A major tip: Getting from the south of Boston (even a few miles out) to north of the city can be a pain at any time of day. If you are going to play Ipswich (north), make sure you stay either right in the city or just north of it. Granite Links is just south of the city (10 miles if that). While it may seem like a no-brainer travel wise, at the wrong time of day, it can take you 45 minutes from downtown Boston. Pinehills is in Plymouth, farther south, but not much worse of a drive (getting through the immediate city traffic is the hardest part).
As far as Ipswich, very nice course. I like it, but it is a little quirky. Fairly tight off the tee. Relax, club back, and pick your spots, you should be OK. Expect to lose a few balls - some holes, right off the fairway is New England never-never land (pine trees and a layer of leaves and undergrowth). Greens can be fast there, but my guess is in May they will still be getting up to speed. Nice clubhouse, everything is in a gated community (condos around the course). It is a nice take.
Greater Boston area (north, south, west) has some great private courses. If your local pro can call in a favor for you, it may be worth it. Between Ipswich and Boston, if you have a place in your heart for Donald Ross (and who doesn't?), see what connections you can work to get on at any of the following: Charles River, Braeburn, Winchester, Essex or Salem. Not coincidentally, not only are those Donald Ross courses, but those five are probably on anyone's top 10 courses in Massachusetts (and many might have them as their top five). Another public option, if you are staying north of the city is Bass Rocks in Gloucester (prounouced "glawstah"). It is pretty (on the ocean), short but public course.

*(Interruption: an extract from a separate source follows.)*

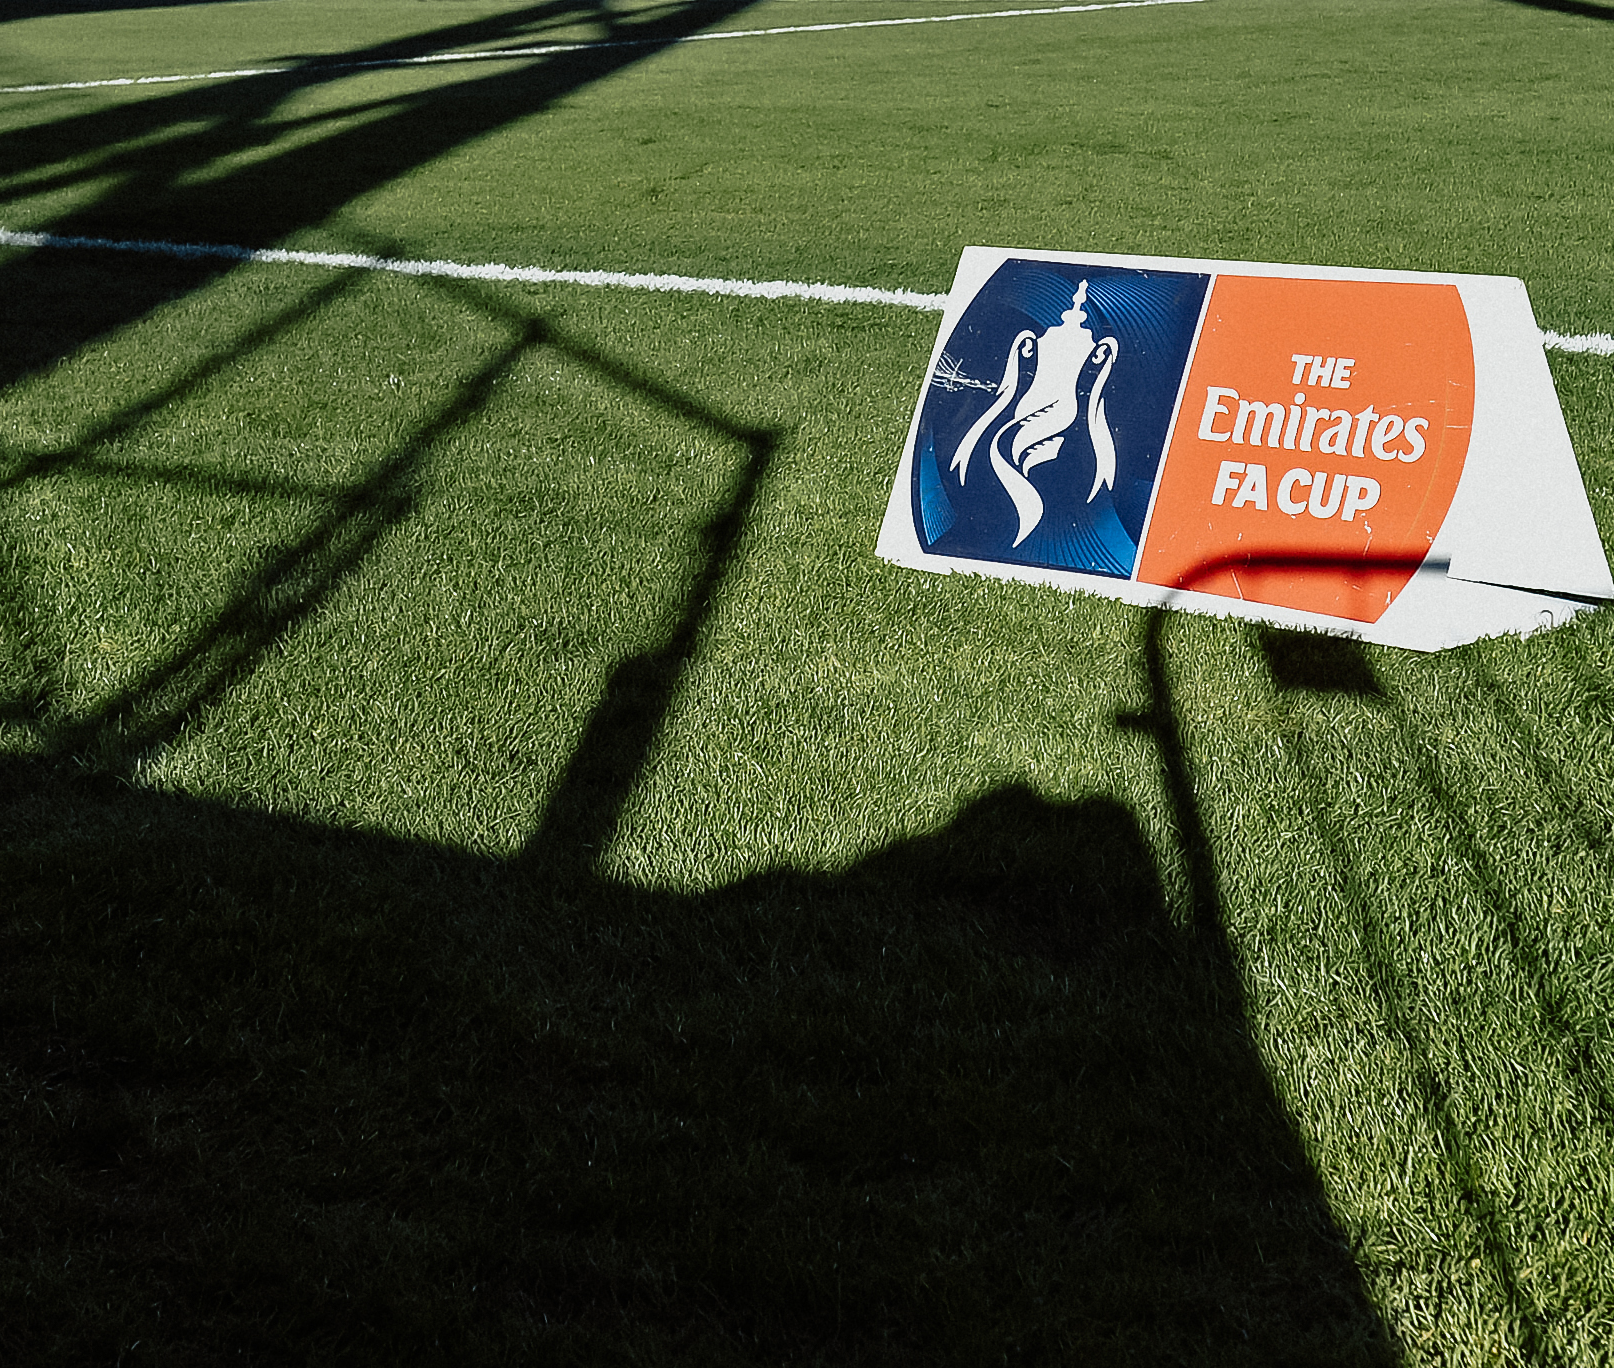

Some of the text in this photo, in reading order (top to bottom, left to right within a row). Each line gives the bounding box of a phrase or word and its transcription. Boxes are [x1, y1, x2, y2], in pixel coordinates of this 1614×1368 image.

[1291, 353, 1356, 390] THE
[1197, 385, 1429, 464] Emirates
[1211, 460, 1381, 521] FA CUP

In terms of public courses, there are some nice tracks, just not maintained, within the city limits. Franklin Park (aka. Devine) and George Wright are two great city courses (you will have to cab to them as driving in Boston is as hazardous as playing Pebble Beach in a typhoon, blindfolded, on one leg). No country club environment at those courses, but some history (Devine is a Ross layout), and a good reminder that golf cuts through the normal demographics that separate cities and suburbs. If anyone mentions Newton Commonwealth to you, un-friend them instantly. Once (circa 1930) a great golf course, over the years, it has been carved up and sold off for apartments and condos. It is a hard-hat-required course as I swear holes cross each other there. Brookline (very close to the city limits) has a public course (formerly Putterham Meadows, now called Lynch). It is a decent track that abuts The Country Club (if you are lucky enough to have in at TCC, by all means take it). If you ever read "Missing Links" by Rick Reilly, the juxtaposition of these two courses is the real life basis for the Mayflower and Ponkaquoque muni course (given the name, part of the basis too, undoubtedly was Ponkapoag - a 36 hole muni layout, not far from Boston, that is a mere shadow of its design. Ponky's architect? Donald Ross of course). Like Bostonians, golf in the city is more than meets the eye. Under a lot of rough exteriors lies some genuine charm.